━━ DATA SHOWN

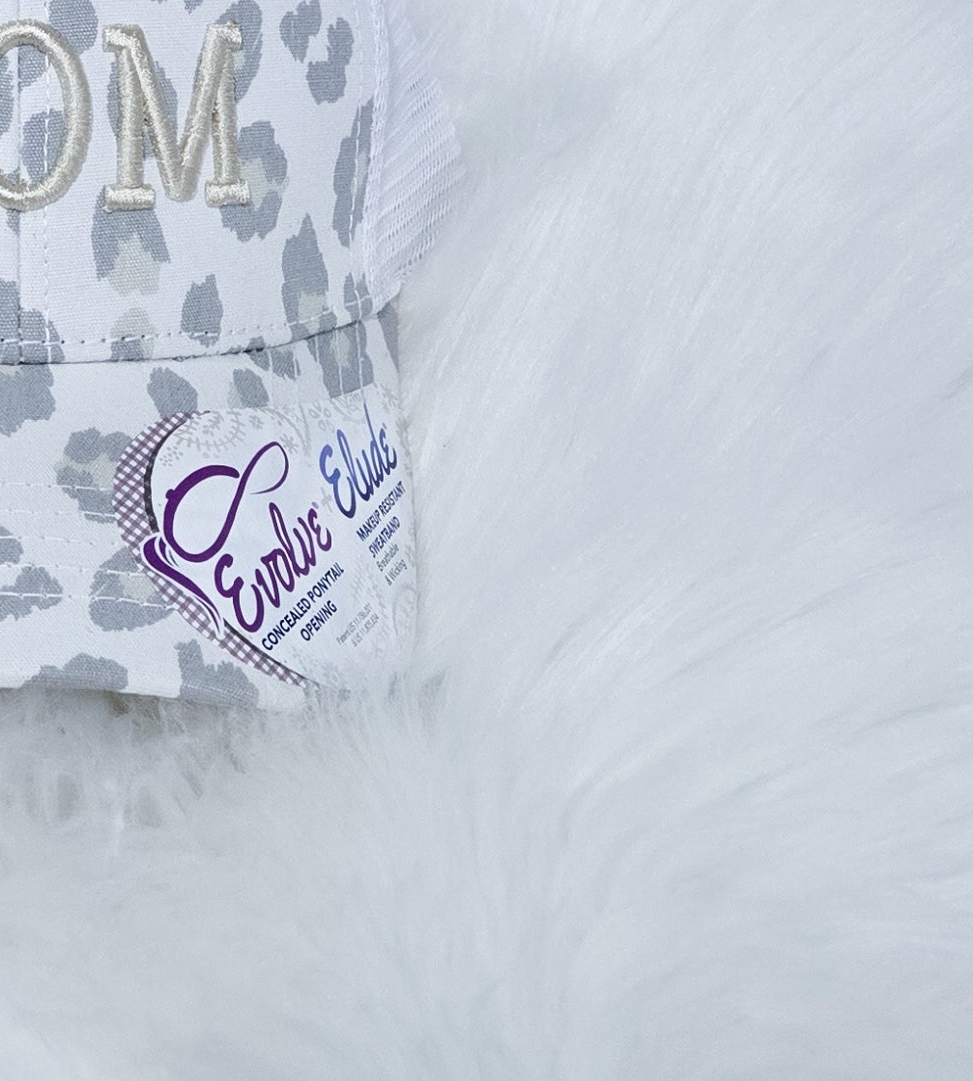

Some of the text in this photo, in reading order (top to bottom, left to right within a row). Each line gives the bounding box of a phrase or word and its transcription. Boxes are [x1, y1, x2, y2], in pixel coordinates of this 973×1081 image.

[320, 401, 397, 518] Elude
[356, 481, 406, 542] MAKEUP RESISTANT
[368, 516, 401, 558] SWEATBAND
[214, 502, 332, 633] Evolve
[262, 562, 344, 651] CONCEALED PONYTAIL
[300, 600, 337, 641] OPENING
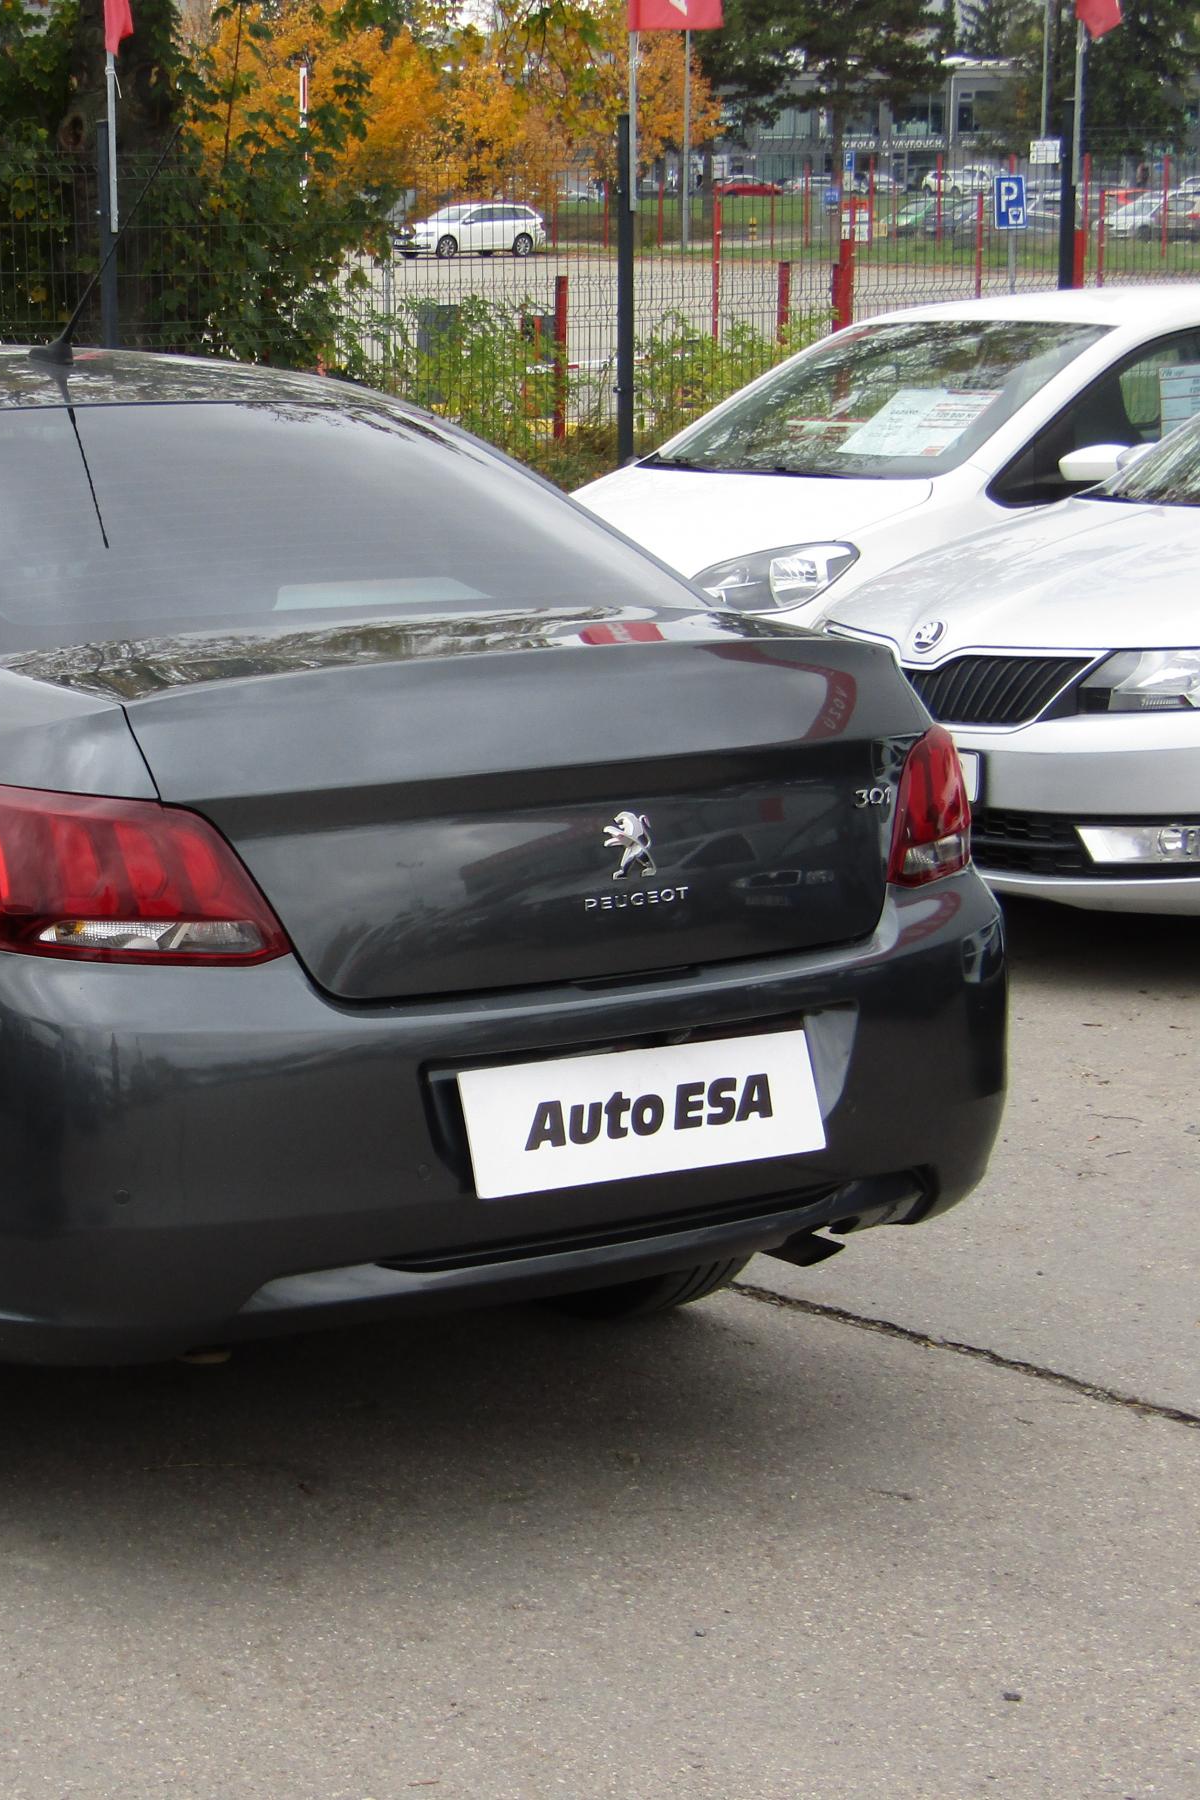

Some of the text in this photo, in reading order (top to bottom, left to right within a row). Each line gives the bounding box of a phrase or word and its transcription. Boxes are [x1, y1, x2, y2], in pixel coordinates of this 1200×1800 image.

[1000, 181, 1018, 213] P
[854, 786, 892, 808] 301
[584, 886, 689, 912] PEUGEOT
[524, 1073, 773, 1151] Auto ESA
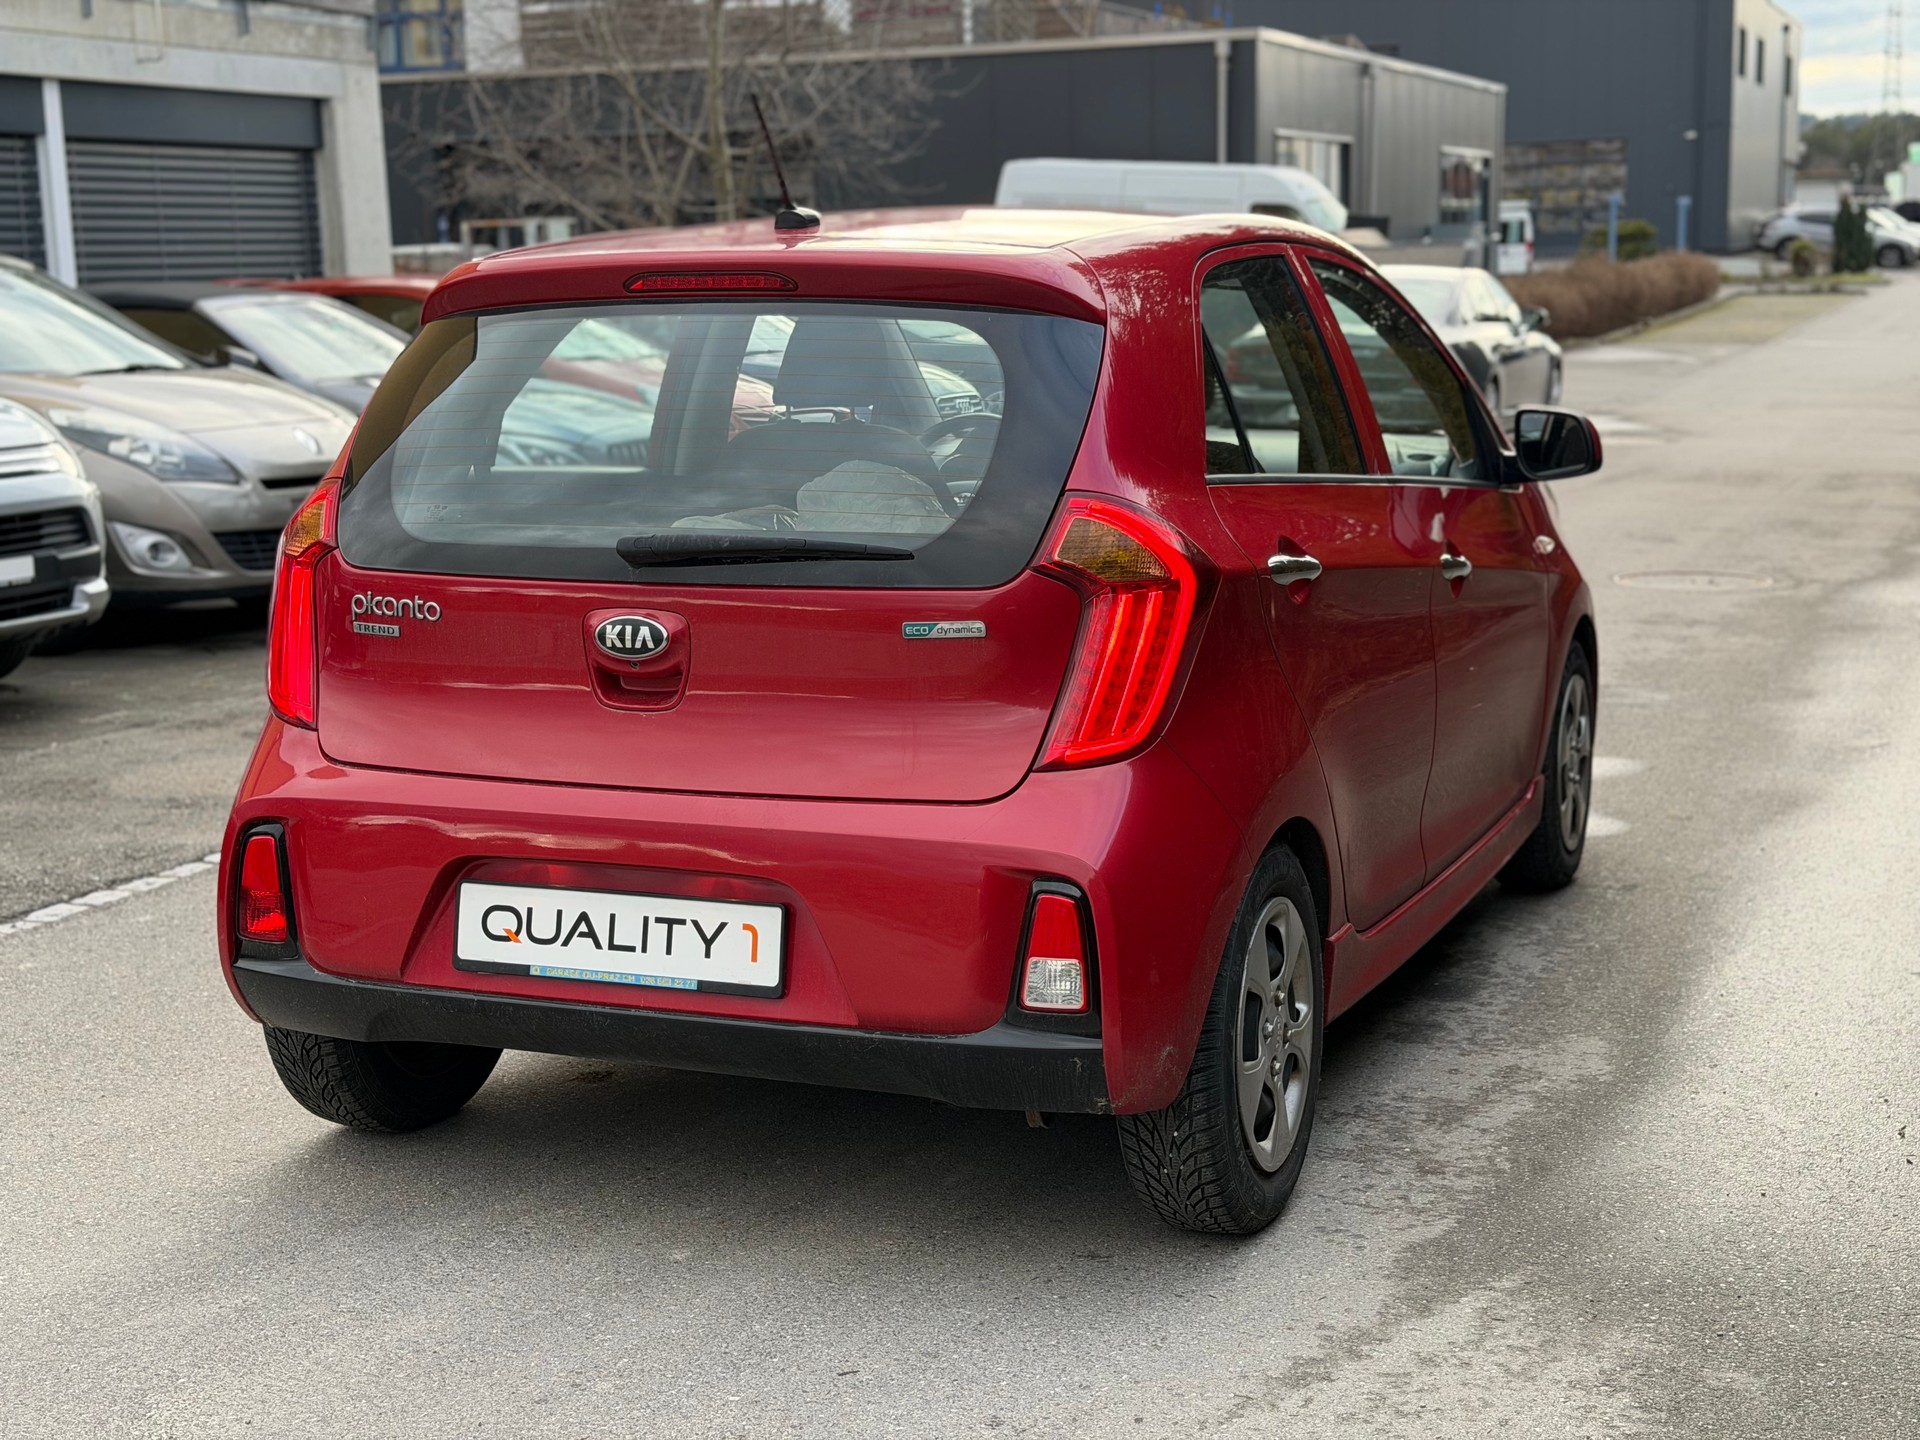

━━━━

▶ **THE TASK**
Set down all entries above again, exactly, without images.

▶ **SOLUTION FOR THIS TASK**
Some of the text in this photo, in reading order (top to bottom, left to right within a row). Each line gives the bounding box of a phrase or word and its transcription. Boxes are [x1, y1, x2, y2], in pixel coordinates of this 973×1081 image.

[320, 401, 397, 518] Elude
[356, 481, 406, 542] MAKEUP RESISTANT
[368, 516, 401, 558] SWEATBAND
[214, 502, 332, 633] Evolve
[262, 562, 344, 651] CONCEALED PONYTAIL
[300, 600, 337, 641] OPENING

Some of the text in this photo, in reading order (top to bottom, left to right within a row). Each line gives the bounding box of a phrase or word and its transcription. Boxes are [x1, y1, x2, y2], in pixel coordinates of this 1200×1800 image.

[1000, 181, 1018, 213] P
[854, 786, 892, 808] 301
[584, 886, 689, 912] PEUGEOT
[524, 1073, 773, 1151] Auto ESA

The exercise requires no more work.